Your task is to count the total number of distinct islands in the grid.

Requirements

1. Two land cells are considered part of the same island if they share an edge (4-directional connectivity)
2. Diagonal connections do not count as adjacent
3. You must count each separate island exactly once
4. The input grid will not be modified in the actual test environment (though you may modify it in your solution if needed)

Constraints

• 1 <= grid.length <= 300 (number of rows)
• 1 <= grid[0].length <= 300 (number of columns)
• grid[i][j] is either "1" or "0"
• Time complexity should be O(m × n) where m and n are the grid dimensions
• Space complexity should be O(m × n) in the worst case

Examples

Example 1:

Input: grid = [ ["1","1","0","0"], ["1","1","0","0"], ["0","0","1","0"], ["0","0","0","1"] ] Output: 3 Explanation: The grid contains three separate islands. The first island is the 2×2 block of land in the top-left corner. The second is a single cell at row 2, column 2. The third is a single cell at row 3, column 3.

Example 2:

Input: grid = [ ["1","0","1","0","1"], ["0","0","0","0","0"], ["1","0","1","0","1"] ] Output: 6 Explanation: Six isolated single-cell islands exist, arranged in a pattern with water separating each one.

Example 3:

Input: grid = [ ["1","1","1"], ["0","1","0"], ["1","1","1"] ] Output: 1 Explanation: All land cells are connected through the center cell, forming one large cross-shaped island.
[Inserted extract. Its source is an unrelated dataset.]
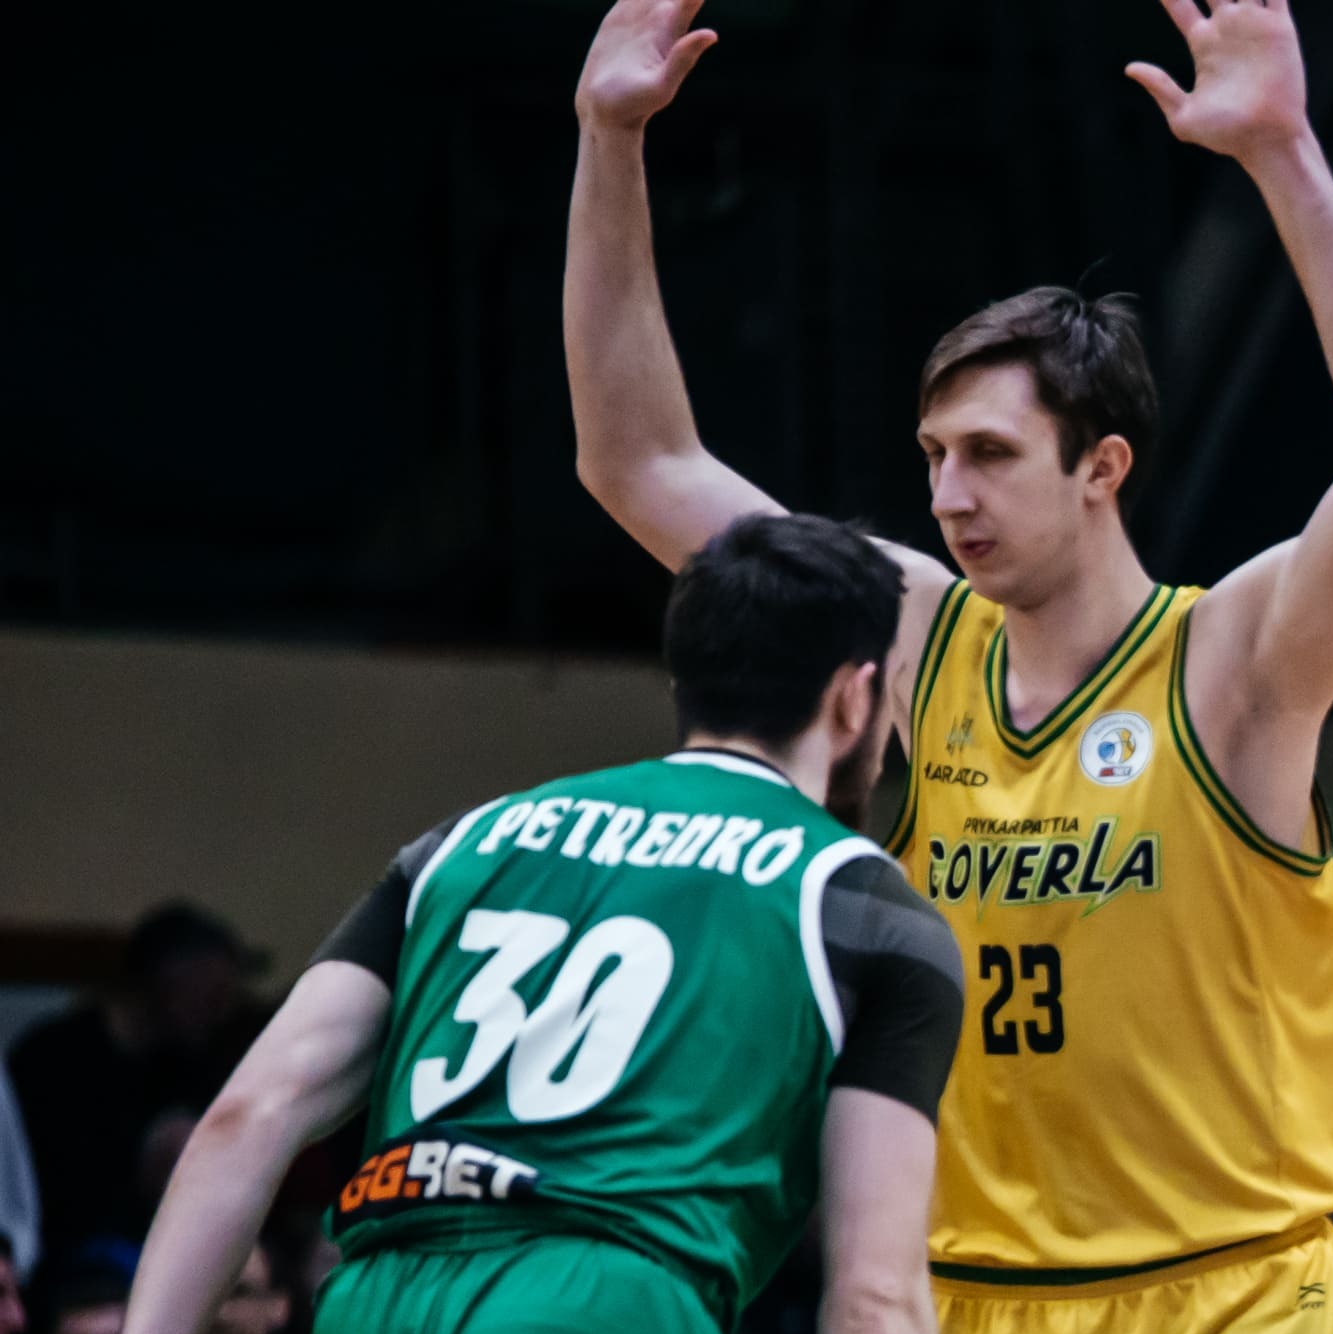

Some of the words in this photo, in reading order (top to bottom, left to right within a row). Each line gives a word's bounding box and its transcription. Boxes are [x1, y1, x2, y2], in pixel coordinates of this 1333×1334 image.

[409, 908, 674, 1124] 30
[978, 943, 1065, 1056] 23
[339, 1140, 539, 1214] GG.BET
Hint 1: Graph Traversal Think of this as a graph problem where each land cell is a node, and edges exist between horizontally or vertically adjacent land cells. You need to count the number of connected components in this graph.
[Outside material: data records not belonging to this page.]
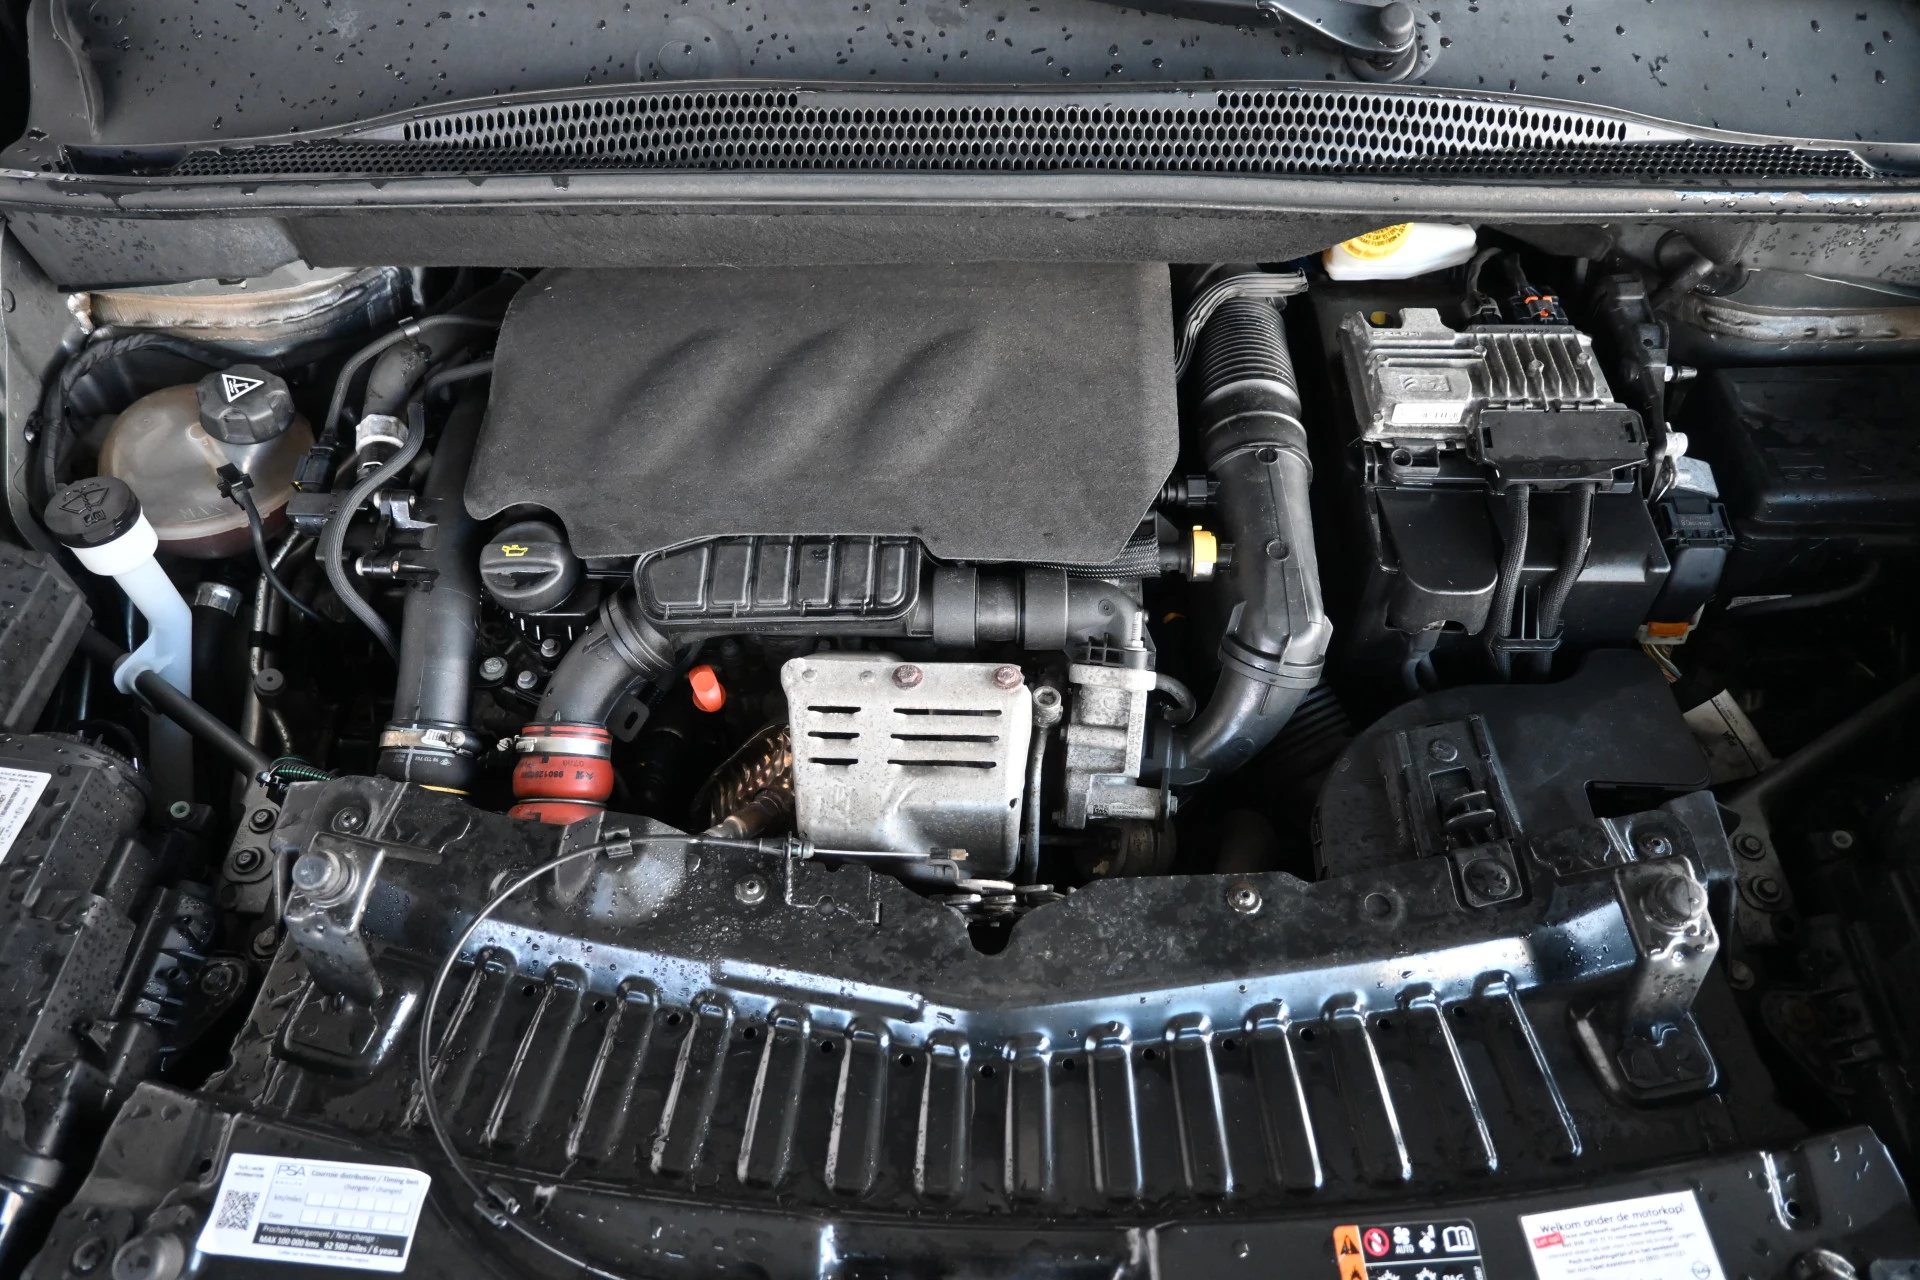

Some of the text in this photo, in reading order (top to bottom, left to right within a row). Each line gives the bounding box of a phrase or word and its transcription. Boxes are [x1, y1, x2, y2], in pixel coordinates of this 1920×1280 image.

[277, 1164, 306, 1177] PSA
[340, 1172, 377, 1182] distribution
[1540, 1202, 1686, 1233] Welkom onder de motorkap!
[262, 1224, 290, 1233] Prochain
[291, 1226, 330, 1239] changement
[336, 1231, 354, 1240] Next
[259, 1235, 277, 1243] MAX
[277, 1236, 291, 1244] 100
[291, 1237, 305, 1246] 000
[324, 1241, 334, 1249] 62
[334, 1242, 348, 1251] 500
[348, 1243, 368, 1253] miles
[378, 1247, 399, 1256] years
[1395, 1244, 1415, 1254] AUTO
Hint 2: Marking Visited Cells When you discover an island, you need a way to mark all its cells as visited so you don't count the same island multiple times. Consider using depth-first search (DFS) or breadth-first search (BFS) to explore all cells belonging to one island.

Hint 3: Iteration Strategy Iterate through every cell in the grid. When you encounter an unvisited land cell, it represents a new island. Launch a traversal from that cell to mark all connected land cells, then increment your island counter.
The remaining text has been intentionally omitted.